El sacerdote y escritor Martín Descalzo relata en uno de sus artículos cómo muchos científicos de primera línea se pusieron al servicio de Hitler. Crearon las cámaras de gas, experimentaron con seres humanos, y decidieron sin escrúpulos quién debía vivir y quién debía morir. Eran intelectualmente brillantes, pero habían perdido su humanidad, cegados por una ideología que los había convencido no sólo de su superioridad sino de su derecho sobre la vida de los demás.

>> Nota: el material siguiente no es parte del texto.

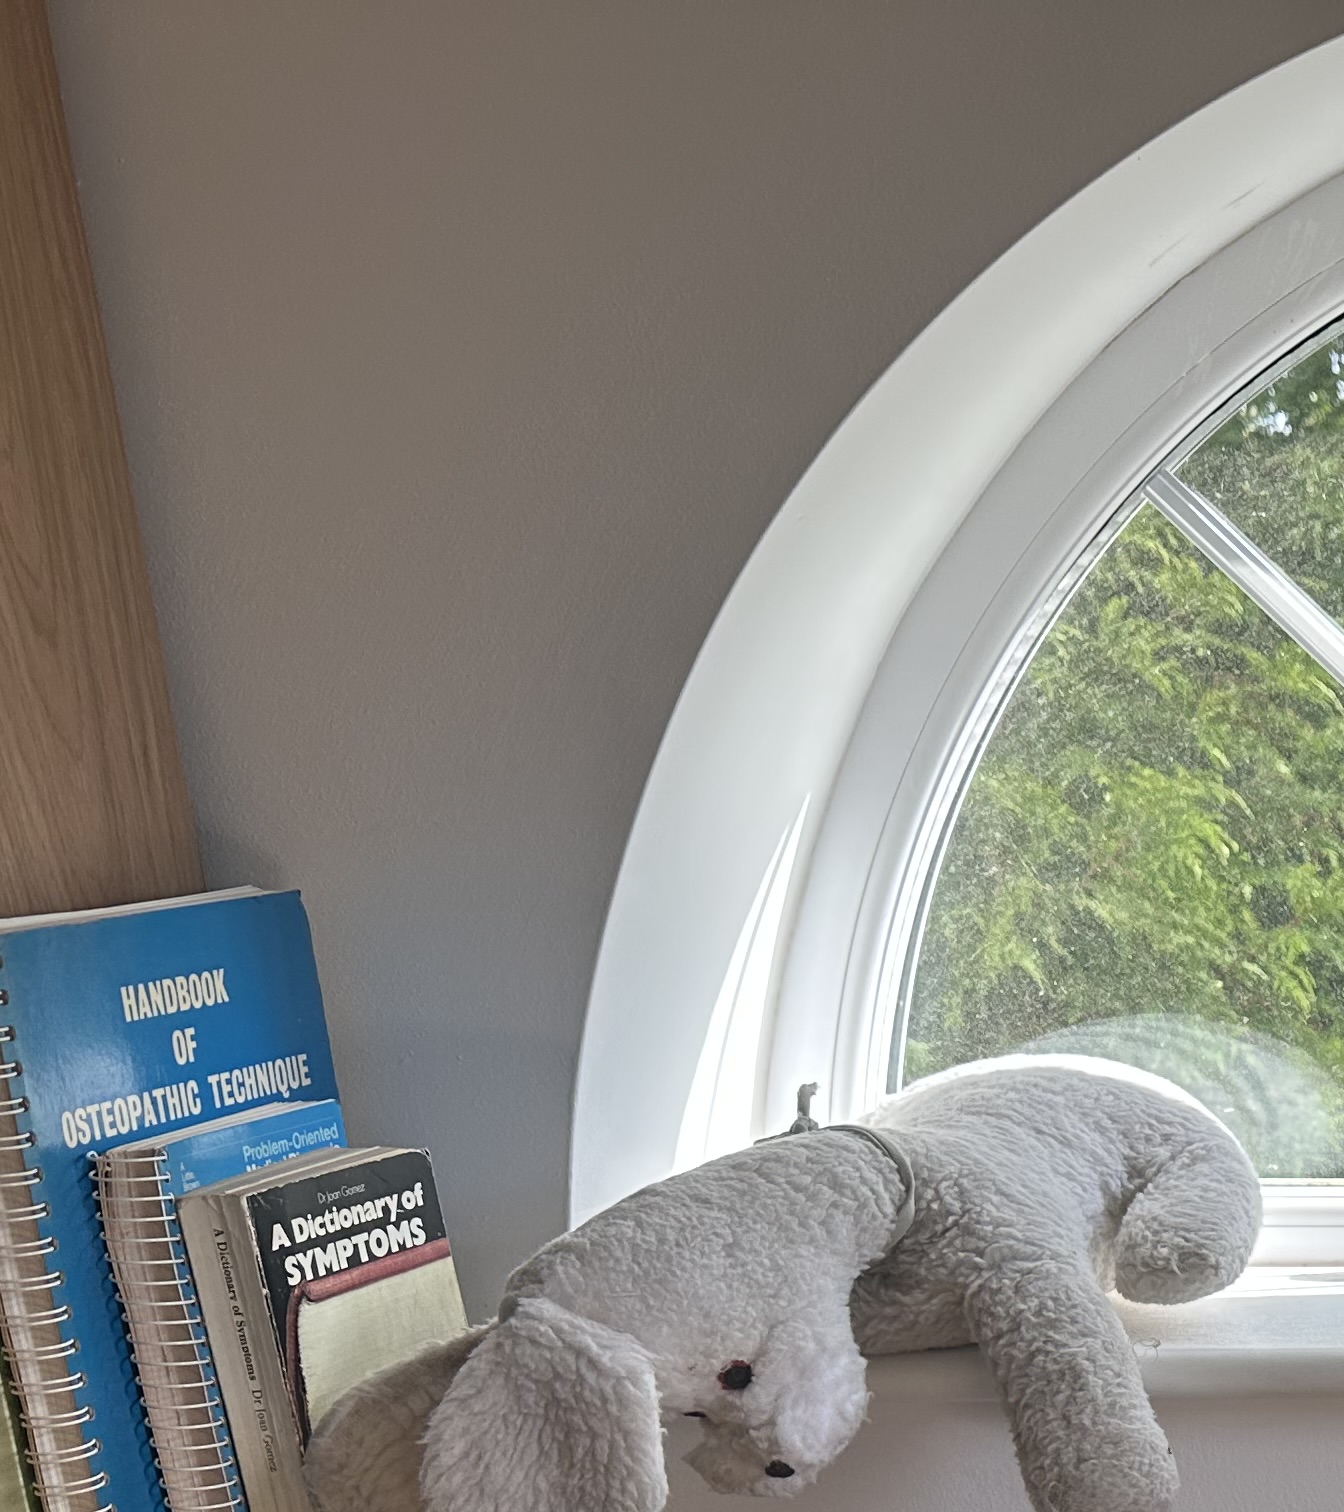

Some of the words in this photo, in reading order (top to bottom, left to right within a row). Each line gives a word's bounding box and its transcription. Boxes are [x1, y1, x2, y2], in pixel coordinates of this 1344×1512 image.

[120, 968, 230, 1022] HANDBOOK
[171, 1027, 197, 1066] OF
[61, 1080, 202, 1148] OSTEOPATHIC
[207, 1053, 312, 1109] TECHNIQUE
[242, 1122, 339, 1163] Problem-Oriented
[271, 1223, 291, 1251] A
[291, 1193, 404, 1244] Dictionary
[401, 1182, 424, 1210] of
[216, 1240, 238, 1301] Dictionary
[284, 1217, 427, 1286] SYMPTOMS
[232, 1305, 244, 1319] of
[234, 1319, 257, 1381] Symptoms

Y en esto, todas las ideología coinciden, da igual que sea el integrismo musulmán, el fascismo o el comunismo, todas las ideologías crean seres que se sienten superiores en su modo de pensar y de mirar el mundo, y que se sienten con derecho a decidir la vida de los demás, y a cuestionar sus creencias, sus opiniones, sus
opciones de vida.
La Cuba “revolucionaria” no ha sido una excepción. Desde los fusilamientos en La Cabaña hasta el UMAP, desde las “marchas del pueblo combatiente” hasta los actos de repudio, desde las citaciones arbitrarias de la Seguridad del Estado hasta el encarcelamiento de aquellos que han salido a reclamar sus más legítimos derechos. En todos los casos, el criterio es el mismo: yo decido qué está bien y qué está mal, yo decido cuál es “el camino correcto”, y tú no tienes derecho a pensar ni a actuar de modo diferente a lo que yo he decidido que es el mejor modo. Y como soy yo quien tiene el poder, sólo te queda someterte, o habrá consecuencias.
Por eso el trato prepotente, por eso las “actas de advertencia”, por eso la temible “mancha en el expediente”, por eso los análisis ideológicos, por eso la represión agresiva…
Y por eso, no basta con que tus hijos sean buenos en ciencias, en letras o en biología. Es necesario que tus hijos sean buenos en humanidad, en amor, en perdón, en tolerancia, en aceptación del otro, para que su pasión no sea nunca someter al otro sino construir, con todos, un mundo de hermandad.